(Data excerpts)
--- START ---

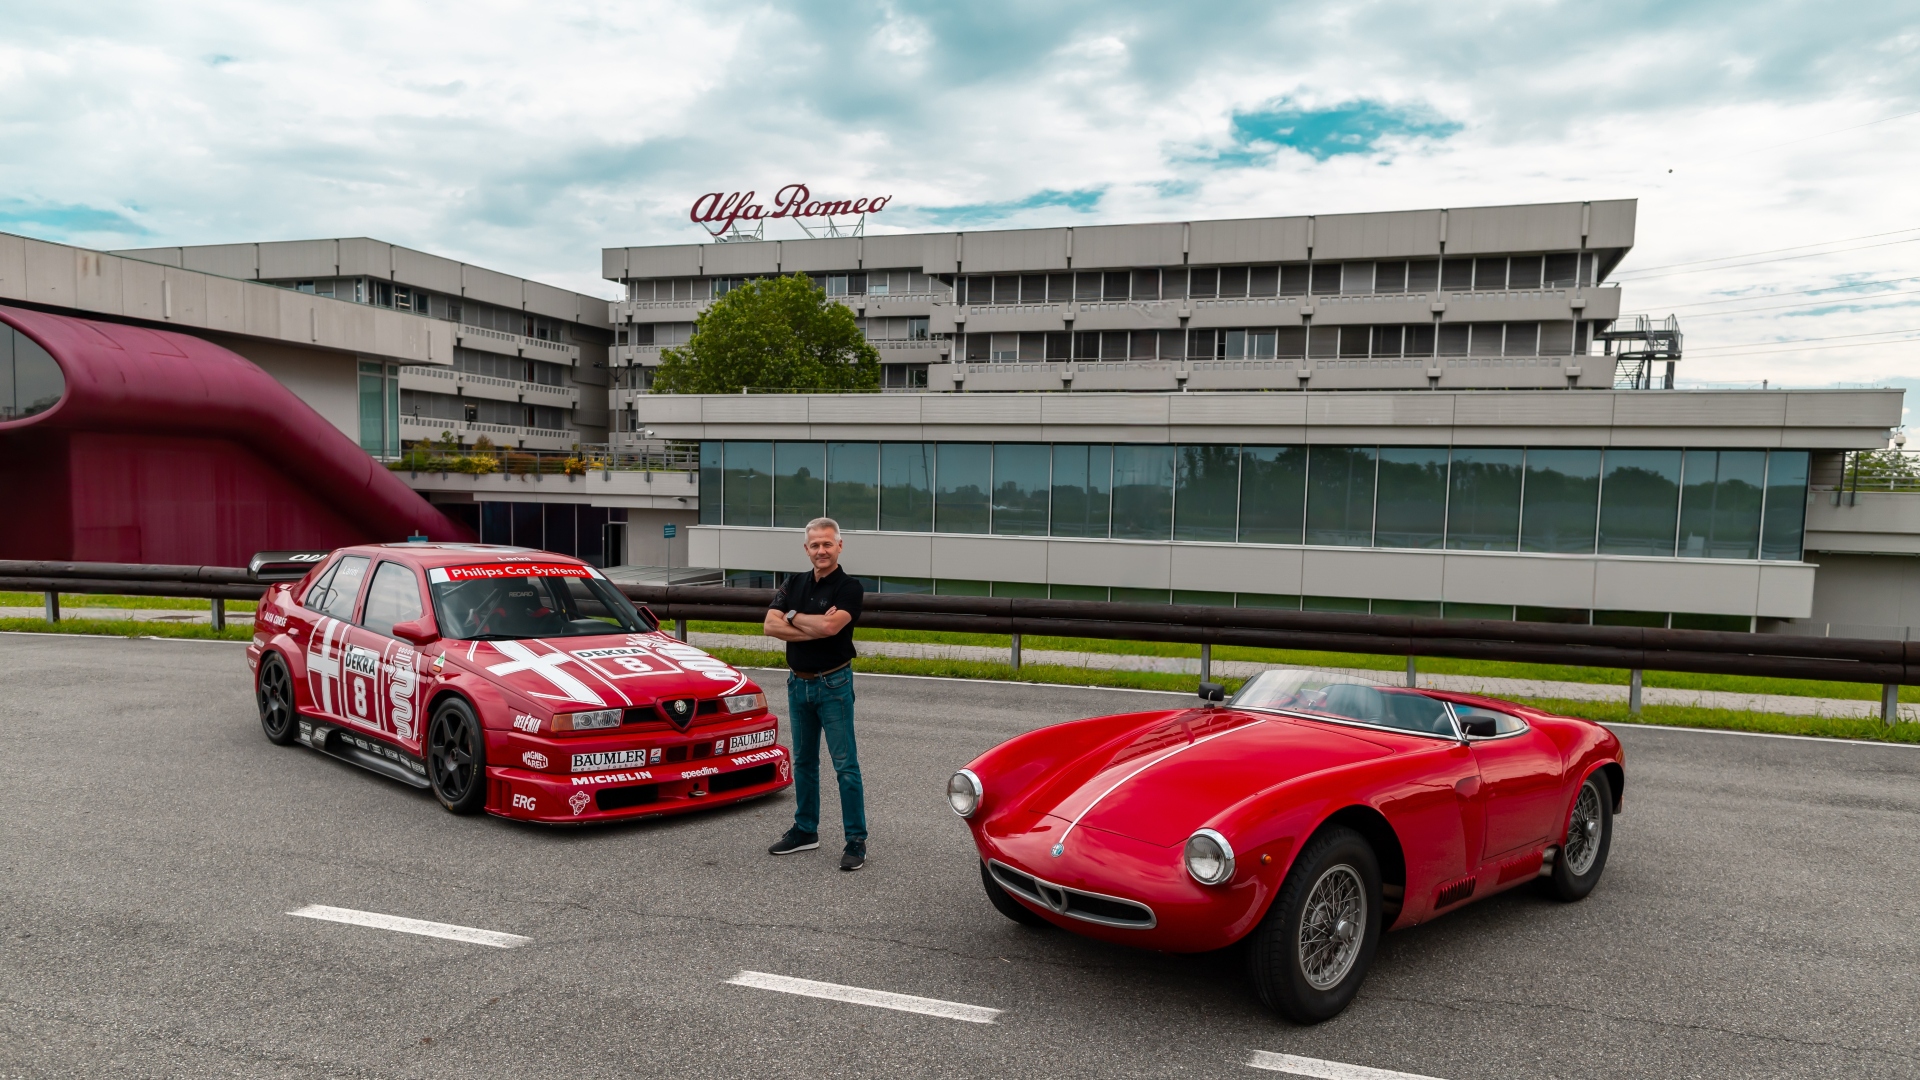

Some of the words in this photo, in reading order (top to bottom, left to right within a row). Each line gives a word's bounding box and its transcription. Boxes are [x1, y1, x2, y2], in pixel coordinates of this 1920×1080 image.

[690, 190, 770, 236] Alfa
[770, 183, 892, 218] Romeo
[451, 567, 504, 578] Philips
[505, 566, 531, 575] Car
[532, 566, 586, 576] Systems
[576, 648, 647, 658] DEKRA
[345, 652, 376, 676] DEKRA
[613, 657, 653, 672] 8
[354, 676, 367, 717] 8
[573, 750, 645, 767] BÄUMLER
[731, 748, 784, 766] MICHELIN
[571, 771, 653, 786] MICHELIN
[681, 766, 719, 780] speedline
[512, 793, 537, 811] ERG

--- END ---

HOW TO COMPLETE THIS TASK → Set the pictures aside and reproduce the data above exactly.

RESPONSE TO THIS EXERCISE →
Some of the words in this photo, in reading order (top to bottom, left to right within a row). Each line gives a word's bounding box and its transcription. Boxes are [x1, y1, x2, y2], in pixel coordinates of this 1920×1080 image.

[690, 190, 770, 236] Alfa
[770, 183, 892, 218] Romeo
[451, 567, 504, 578] Philips
[505, 566, 531, 575] Car
[532, 566, 586, 576] Systems
[576, 648, 647, 658] DEKRA
[345, 652, 376, 676] DEKRA
[613, 657, 653, 672] 8
[354, 676, 367, 717] 8
[573, 750, 645, 767] BÄUMLER
[731, 748, 784, 766] MICHELIN
[571, 771, 653, 786] MICHELIN
[681, 766, 719, 780] speedline
[512, 793, 537, 811] ERG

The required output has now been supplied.